You can also pick a crop that has a cooler growing season, like lettuce or radishes, because they tend to do better with less light.

Depending on the seeds, once they start to grow, they need about 15 hours of bright light to keep growing, Weisenhorn said.

Then if you have the space available, you can move your plants outside sometime after the last frost day in your area, which is different depending on where you live. Farther south in Minnesota, it could be as early as May 10. Farther north it could be closer to the last day of May.

Around that time, Weisenhorn suggests acclimating the seedlings your growing to the outdoor climate. Take them outdoors during the day in the sun, and bring them back indoors at night for about a week.
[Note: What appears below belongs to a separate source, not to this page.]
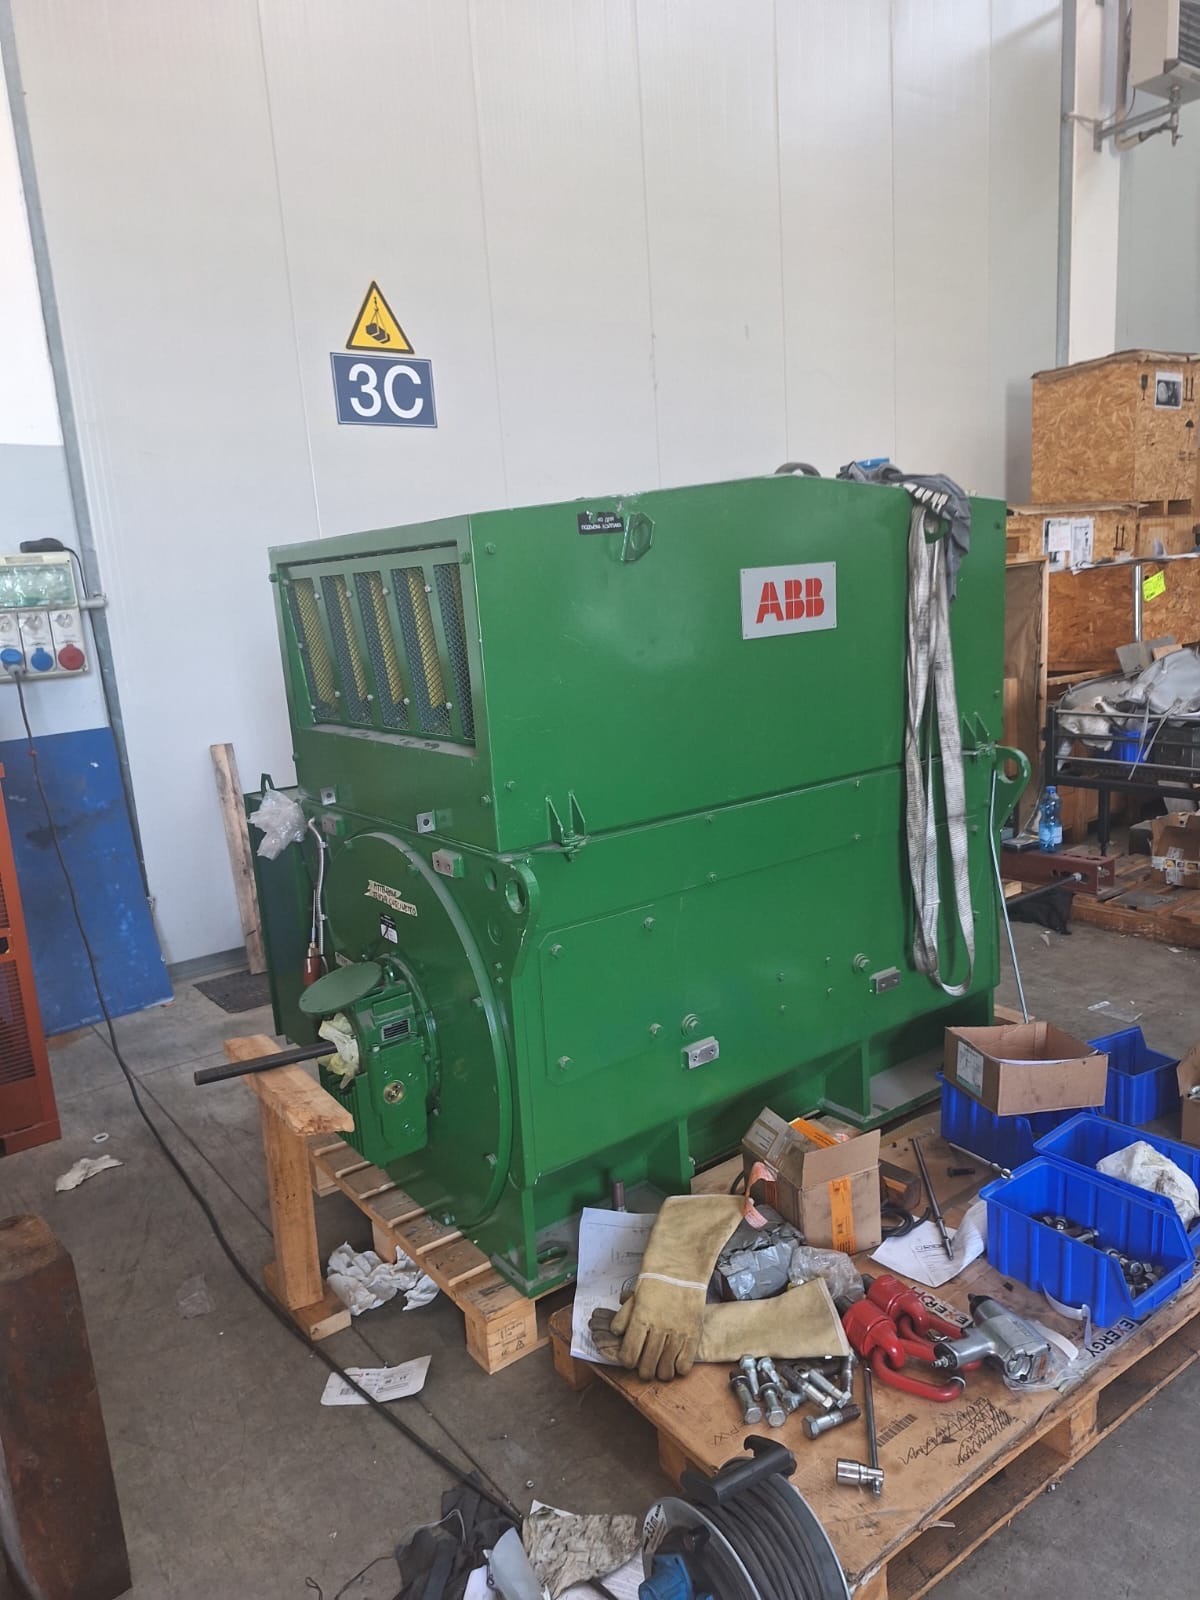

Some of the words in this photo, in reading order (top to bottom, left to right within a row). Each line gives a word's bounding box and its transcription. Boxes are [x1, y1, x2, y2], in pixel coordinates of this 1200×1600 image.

You’ll want to wait for the soil to be dry enough where it crumbles and breaks into small clumps in your hand before moving the plants to their outdoor home. Hoidal suggests testing your soil to understand what your soil may need in fertilizer or treatment.

Looking to learn more?

Both Weisenhorn and Hoidal write for the University of Minnesota Extention Yard and Garden blog, and the Extension also has a YouTube channel for the yard and garden needs.

You might also want to reach out to a local master gardener for your county for advice on how to get started. You can call the master gardener main phone line at 612-301-7590, or visit their website.

Are you growing something this spring? Here’s what you shared with us

Of course, I am! Tomatoes and peppers, beans and a few different herbs. Even back when I lived in an apartment, I grew at least one tomato in a bucket out on the balcony. Nothing you'd buy at the grocery store tastes like a fully ripe, fresh-picked tomato. Now I buy, trade or save seeds from heirlooms and other special varieties you can't buy from a store. ~Diane from Lauderdale, Minn.